There are a number of reasons why you should pay attention to step count—even when there’s not anywhere to go apart from the grocery store. “Just like any form of exercise, we know that being up and active lowers our risks for a variety of diseases (such as heart disease, diabetes, and types of cancer), it boosts your mood, it reduces our stress levels, and it helps us sleep better,” says Stanten. “Our bodies were meant to move and when we sit too much, parts of our body start to break down and change in ways that they’re not supposed to.” Below, Stanten offers up the seven walking tips that’ll have you clocking your most miles yet.

1. Walk and talk whenever you’re on the phone (or Zoom)

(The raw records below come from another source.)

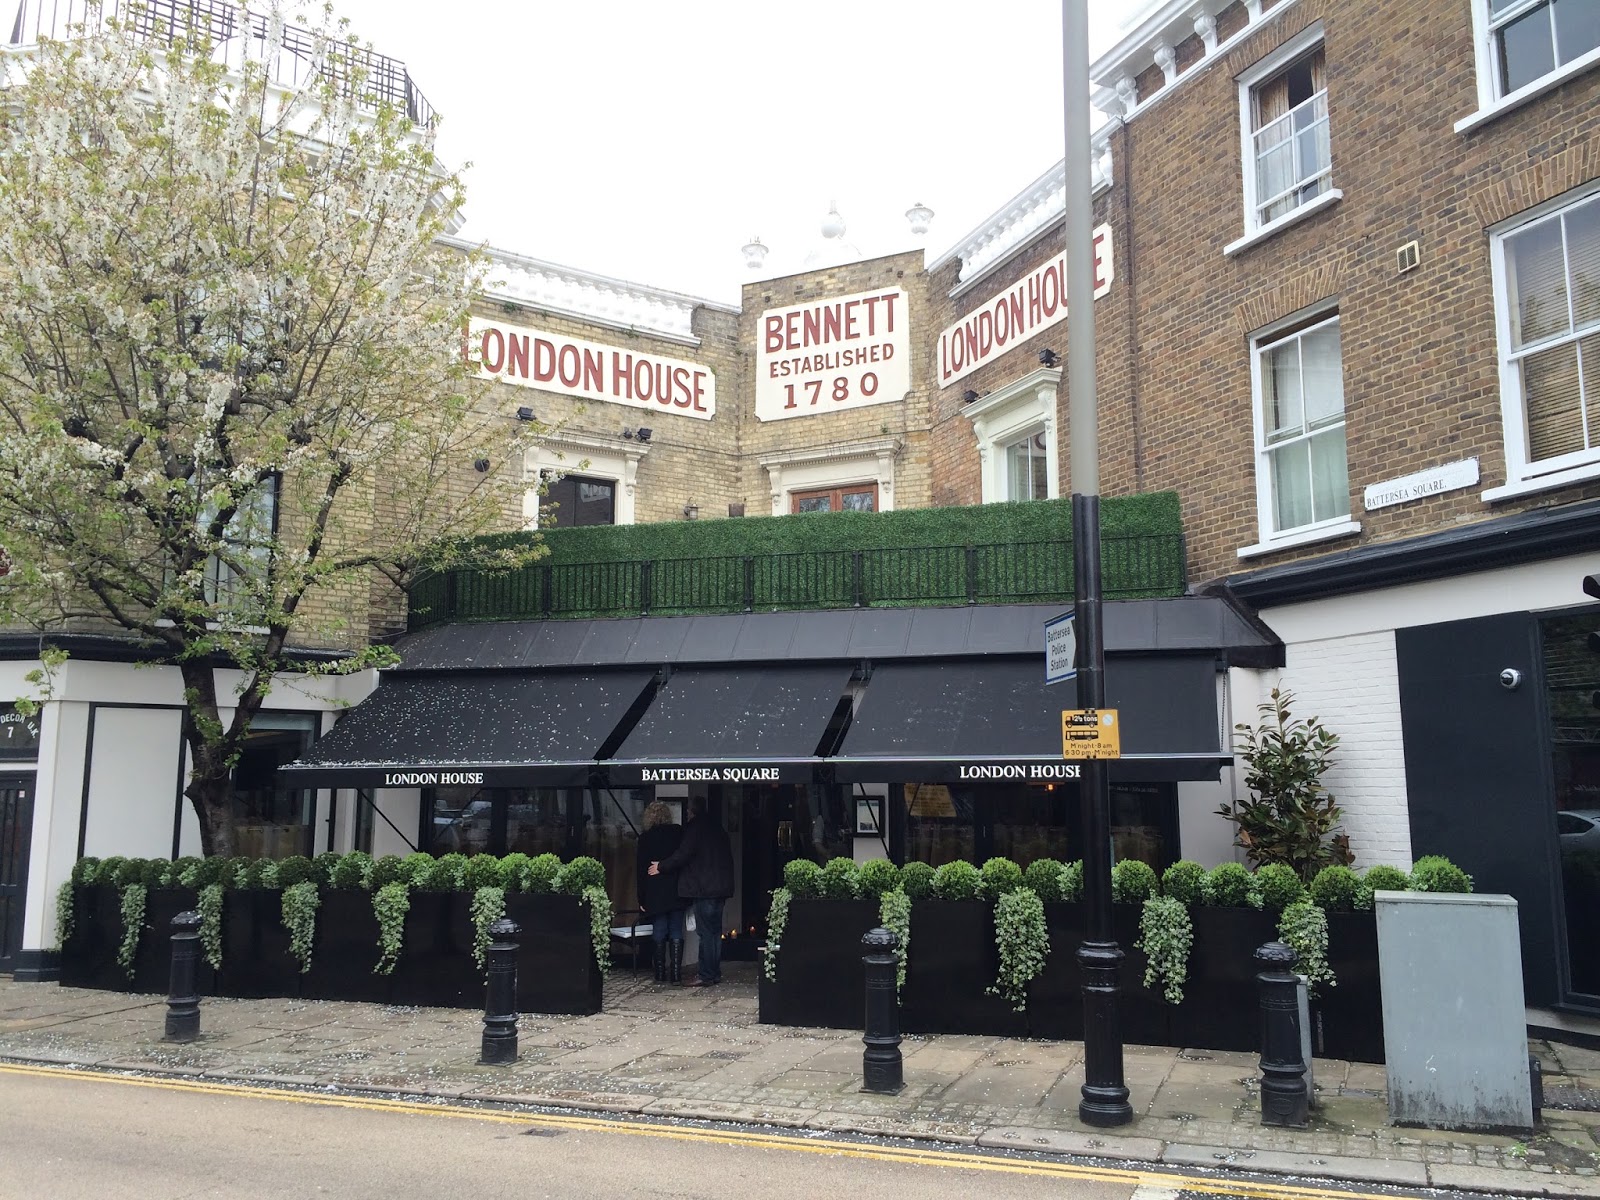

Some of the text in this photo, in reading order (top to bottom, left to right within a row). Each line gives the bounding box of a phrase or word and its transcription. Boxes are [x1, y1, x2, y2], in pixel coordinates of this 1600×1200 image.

[942, 233, 1106, 380] LONDON HOUE
[766, 293, 899, 354] BENNETT
[461, 320, 708, 413] LONDON HOUSE
[770, 343, 894, 379] ESTABLISHED
[784, 372, 879, 410] 1780
[1367, 489, 1409, 507] BATTERSEA
[1048, 626, 1071, 643] Battersea
[1052, 643, 1067, 656] Police
[1051, 657, 1069, 671] Station
[7, 726, 14, 738] 7
[385, 772, 484, 785] LONDON HOUSE
[642, 768, 779, 782] BATTERSEA SQUARE
[960, 765, 1026, 778] LONDON
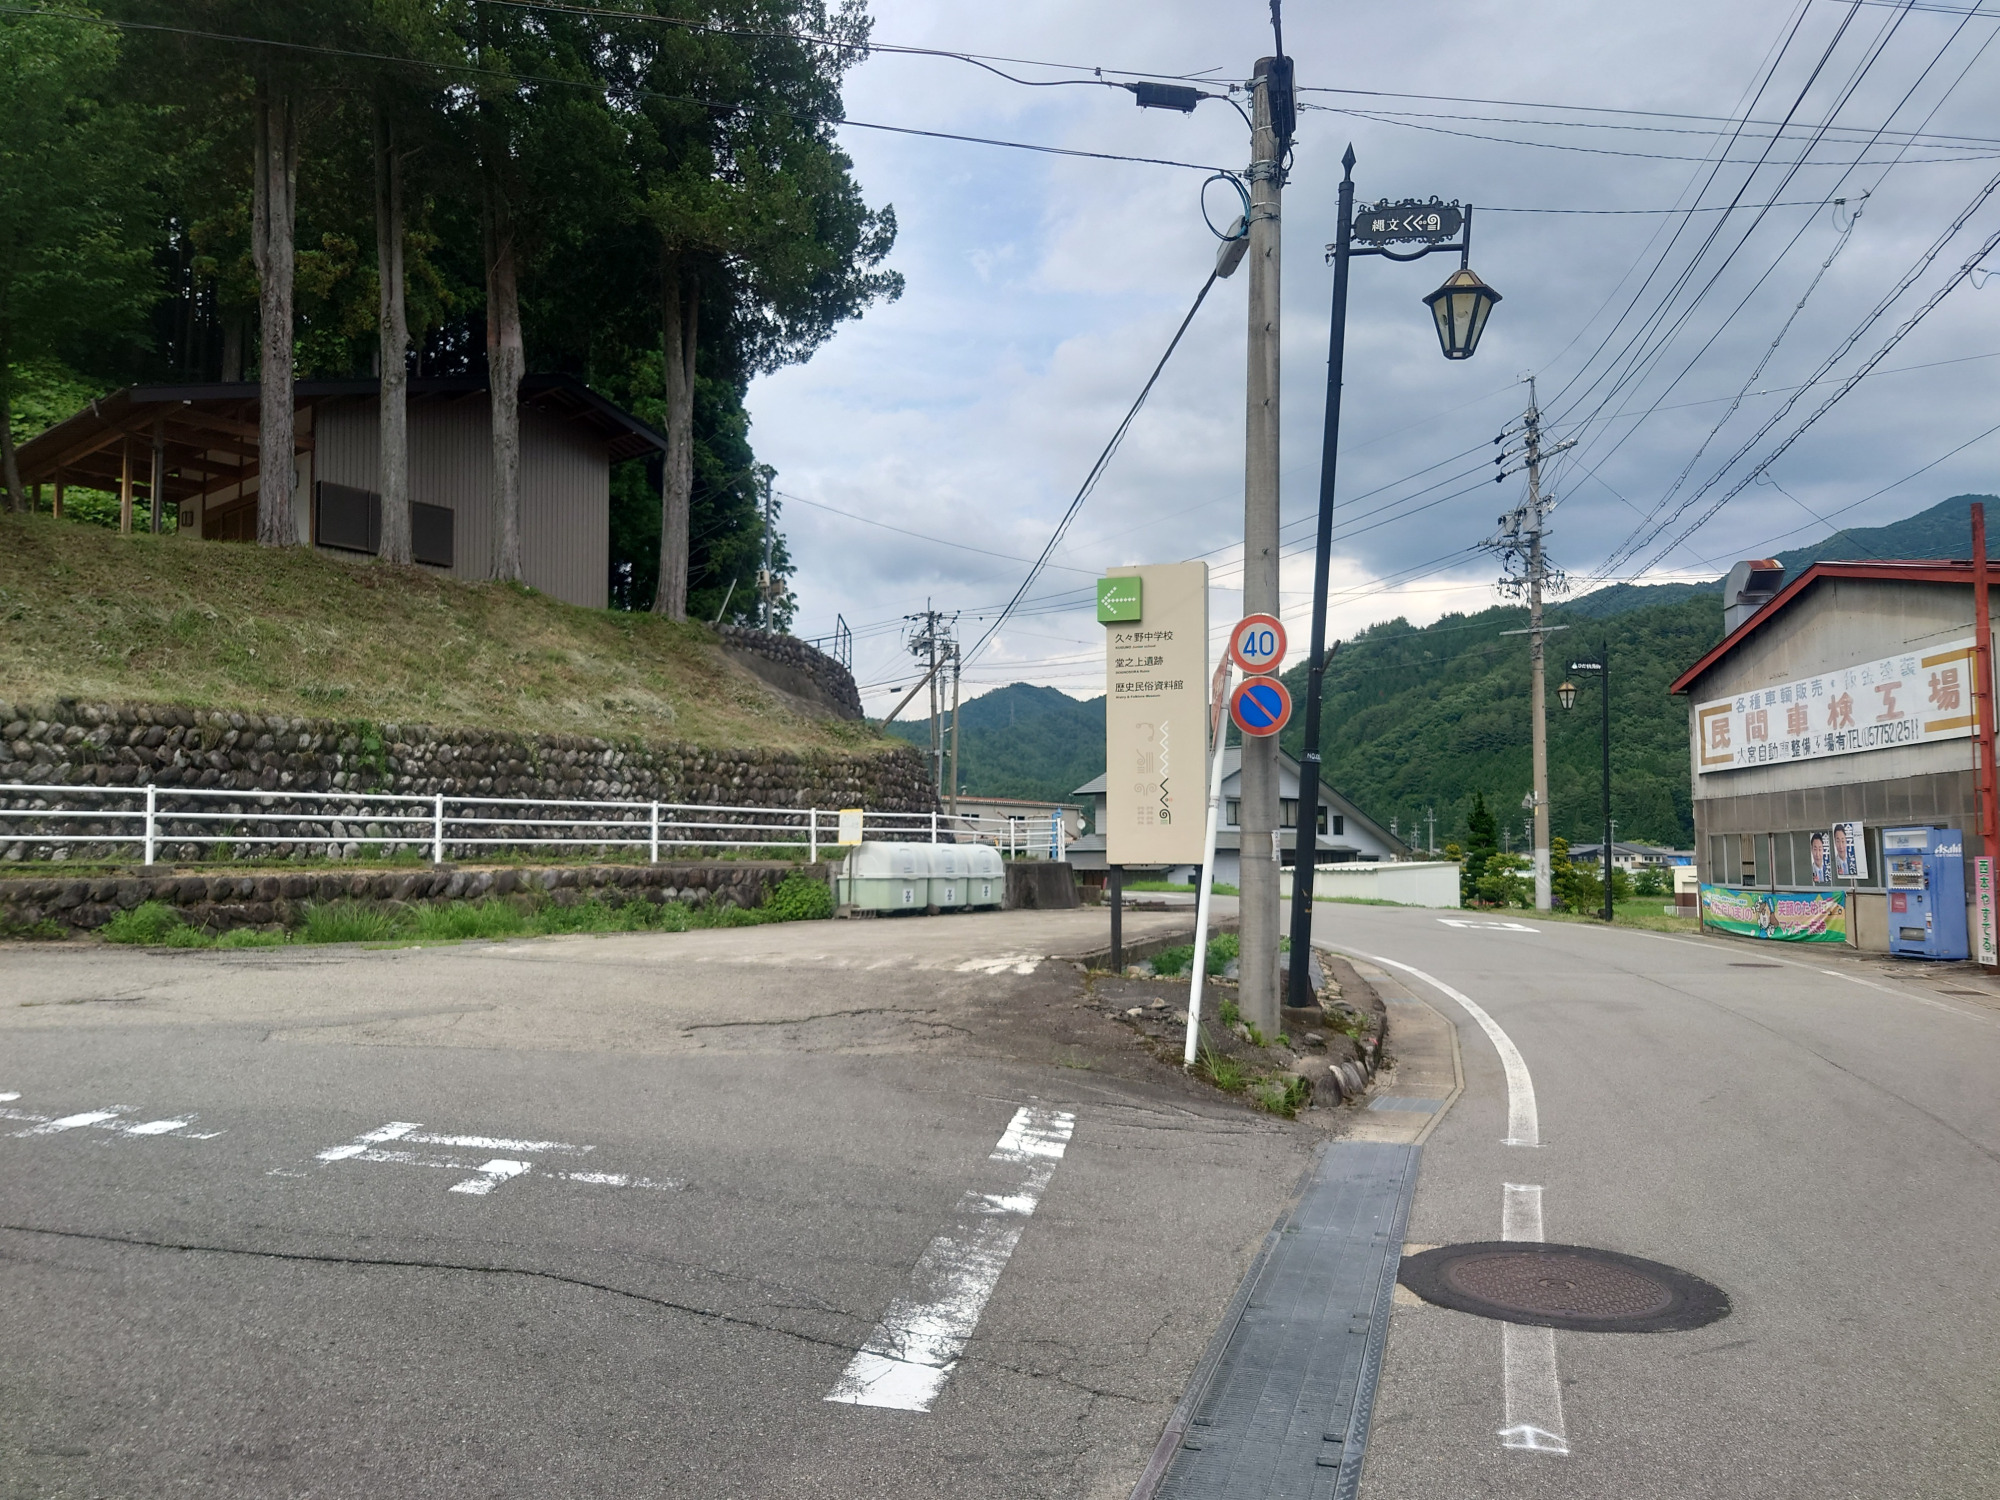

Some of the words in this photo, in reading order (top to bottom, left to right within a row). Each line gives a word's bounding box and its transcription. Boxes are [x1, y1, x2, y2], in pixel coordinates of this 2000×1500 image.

[1115, 630, 1174, 643] 久々野中学校
[1243, 631, 1275, 657] 40
[1115, 656, 1164, 668] 堂之上遺跡
[1115, 680, 1184, 692] 歴史民俗資料館
[1711, 667, 1961, 750] 民間車検工場
[1934, 843, 1962, 854] Asahi
[1778, 900, 1828, 917] 笑顔のために

During quarantine, catching up with all the people you no longer get to see on a regular basis can feel like a full-time job. Zoom fatigue is very real, but if you take your meetings or friend dates on your walk, you might just find renewed energy in those connections. “When you have to take a call, it’s a great time and an easy way [to get more steps in]—even if you’re just walking around your house while you’re on the phone,” says Stanten. All that pacing can ramp up your step count in no time.

2. When you’re running errands, park your car in one place and use your feet to get from store to store

If you’re in a location where stores have safely opened up, you might be near an outdoor shopping mall where you can hit all of your errands at once. Instead of driving from store to store, Stanten recommends parking in front of say, Barnes & Noble, and walking from there to Lululemon, Walgreens, Old Navy, or wherever else you might need to go. If your bags start getting heavy, drop them off at the car and walk to your next destination.

3. Walk while you wait

A lot of life is spent waiting—particularly if you’re a parent. When you drop your child off at a violin lesson or soccer practice, skip waiting around and appsturbating and opt for a walk instead. Even if you don’t have kids, you can use this trick when you’re waiting for a table at a restaurant or arrive a little early to a doctor’s appointment.

4. Make all your coffee dates on-the-go

While it’s always lovely to sit down with a friend and hear the latest on their lives, a walk might be an even better option. Right now, that means you get to be outside, and it’s easier to put six feet between you. So grab a coffee and find a local park to walk around while you catch up instead.

5. Park a half-mile away from the grocery store or restaurant

We’ll call this one the “half-mile rule.” Basically, wherever you go, just park half a mile away (that’s about 1,000 steps) so you get a nice walk in before your dinner reservation or trip to the grocery store.

6. Bookmark your workouts with walks

Trainers love to recommend walking as a workout cool down or warm-up. Personally, I like to finish my runs about a half-mile from home so that I can lower my heart rate before jumping into my post-workout stretch routine—and Stanten says she endorses that approach.

7. Put things away as you need—don’t pile them at the bottom of the stairs for one trip

“A lot of people will stack things at their stairs and then take them up all in one trip. Don’t stack anything at your stairs. As soon as you have something that needs to go upstairs or downstairs, just do it right then and there and get those steps in,” says Stanten. That way, you’re getting stairs and steps in at once.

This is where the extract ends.